In a comprehensive study of the PGA Tour's
pension plan, Golfweek Magazine also projected Woods' total deferred
compensation package from the tour at about $200 million, and
as much as $300 million if he were to become fully vested.
That's not counting investments from Woods'
earnings outside the PGA Tour, money from worldwide tournaments,
appearance fees and the $54 million a year from contract endorsements.
His father and financial overseer said Woods'
net worth could eventually exceed $5 billion.
If things continue and he remains
healthy, there's no limit, Earl Woods told Golfweek, adding
that $5 billion might be on the short side.
Woods isn't the only player to benefit from
the PGA Tour's performance-based pension plan.
According to tour projections obtained by
Golfweek, a 26-year-old player who begins his career in 2001 and
plays 17 seasons could stockpile an account of nearly $43 million,
just by averaging 75th on the money list. He could reach that
amount without ever winning.
For better players, the future gets even
brighter.
The deferred compensation plan features
three programs. One rewards players for making the cut, another
program contributes money based on how much players earn during
three separate segments of the season, and a third deals with
overall earnings for the year.
Tour officials said they expect to add $27
million to the retirement plan, which has quietly grown to more
than $200 million in total assets since its inception in 1983.
A few years ago, a player could come
out and play his entire career, his life, and still struggle financially,
PGA Tour commissioner Tim Finchem said. There is no reason
why world-class athletes in our sport shouldn't be compensated
in the range of world-class athletes in other sports. The retirement
plan helps us move in that direction.
Some financial analysts, however, caution
that tour projections are unrealistic. For example, some projections
include players making at least 12 cuts a year between the ages
of 45 and 49, which few players have done.
Projections also assume a 5 percent annual
increase in plan funding by the tour, an 8 percent average annual
interest return on a player's account, and the plan is based on
benefits that are not paid out until 60, which skew the numbers.

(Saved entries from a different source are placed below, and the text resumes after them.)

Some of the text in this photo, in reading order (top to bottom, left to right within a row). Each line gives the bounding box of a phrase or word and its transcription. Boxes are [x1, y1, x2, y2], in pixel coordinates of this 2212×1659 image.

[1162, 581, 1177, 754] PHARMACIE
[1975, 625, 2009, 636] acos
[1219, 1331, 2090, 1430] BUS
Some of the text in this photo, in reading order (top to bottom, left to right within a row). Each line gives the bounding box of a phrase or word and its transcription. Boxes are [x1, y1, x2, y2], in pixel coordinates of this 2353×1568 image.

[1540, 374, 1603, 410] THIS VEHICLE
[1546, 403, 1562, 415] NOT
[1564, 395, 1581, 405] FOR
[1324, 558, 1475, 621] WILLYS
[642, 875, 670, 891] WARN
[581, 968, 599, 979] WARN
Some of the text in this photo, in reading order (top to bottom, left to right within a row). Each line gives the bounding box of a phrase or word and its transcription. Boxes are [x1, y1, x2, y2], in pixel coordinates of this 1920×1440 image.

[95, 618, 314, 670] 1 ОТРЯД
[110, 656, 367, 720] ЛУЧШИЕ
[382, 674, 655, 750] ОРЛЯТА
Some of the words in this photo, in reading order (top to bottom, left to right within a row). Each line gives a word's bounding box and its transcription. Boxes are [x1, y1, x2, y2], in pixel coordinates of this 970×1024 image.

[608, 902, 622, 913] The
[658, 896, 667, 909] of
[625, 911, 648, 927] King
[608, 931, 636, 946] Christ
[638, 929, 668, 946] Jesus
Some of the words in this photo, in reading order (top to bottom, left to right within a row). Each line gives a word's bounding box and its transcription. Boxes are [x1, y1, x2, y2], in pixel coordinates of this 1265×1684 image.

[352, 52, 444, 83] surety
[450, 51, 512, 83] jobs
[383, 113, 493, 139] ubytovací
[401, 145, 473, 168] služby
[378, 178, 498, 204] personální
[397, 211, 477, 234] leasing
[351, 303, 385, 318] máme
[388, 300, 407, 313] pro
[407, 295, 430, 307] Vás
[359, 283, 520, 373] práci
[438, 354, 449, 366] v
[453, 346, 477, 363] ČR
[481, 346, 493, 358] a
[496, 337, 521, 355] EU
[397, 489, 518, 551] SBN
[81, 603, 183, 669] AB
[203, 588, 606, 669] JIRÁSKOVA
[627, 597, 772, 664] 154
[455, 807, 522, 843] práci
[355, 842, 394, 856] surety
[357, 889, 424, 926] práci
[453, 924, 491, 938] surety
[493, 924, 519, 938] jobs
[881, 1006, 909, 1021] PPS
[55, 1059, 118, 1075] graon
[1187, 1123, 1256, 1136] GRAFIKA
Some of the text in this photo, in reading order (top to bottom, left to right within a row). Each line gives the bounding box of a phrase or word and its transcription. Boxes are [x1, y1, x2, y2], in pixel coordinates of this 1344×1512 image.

It's by far the best pension plan
in sports, but the assumptions used in the projects are ridiculously
overaggressive, said Dave Lightner of McCormack Advisors
International, a branch of IMG.
Cuts are the lifeblood of the original retirement
plan, launched by former commissioner Deane Beman in 1983 and
crafted by Victor Ganzi, a former tax attorney and longtime member
of the PGA Tour policy board.
Last year, each cut made was worth $3,253
to a player's plan, and the value doubled to $6,506 after 15 cuts.
The arrangement favors a young, successful player such as Justin
Leonard, who made an average of 23.8 cuts from 1995 to 2000.
I've seen the projections of what
I'll do, and it's impressive, said Leonard, who estimated
his overall tour retirement package between $60 million and $100
million, counting his segment bonuses and yearly earnings.
The incentive plan, based on earnings over
three segments each year, was designed to encourage players to
enter more tournaments. Woods likely never will be fully vested
because he only plays about 20 tournaments a year. He is projected
to become vested at 62.5 percent, which would make his payout
about $200 million, the magazine said.
We know Tiger has big numbers and
the tour does a fantastic job with the pension plan, said
Mark Steinberg, Woods' agent at IMG. But Tiger will not
play events with the pension plan in mind. He will continue to
do what he's doing that's building a schedule with being
the best golfer ever.
Woods also will be the richest, even after
he stops playing.
His great, great, great grandchildren
will be juiced up over this, Brandel Chamblee said. They'll
all be lobbying to get rid of the inheritance tax.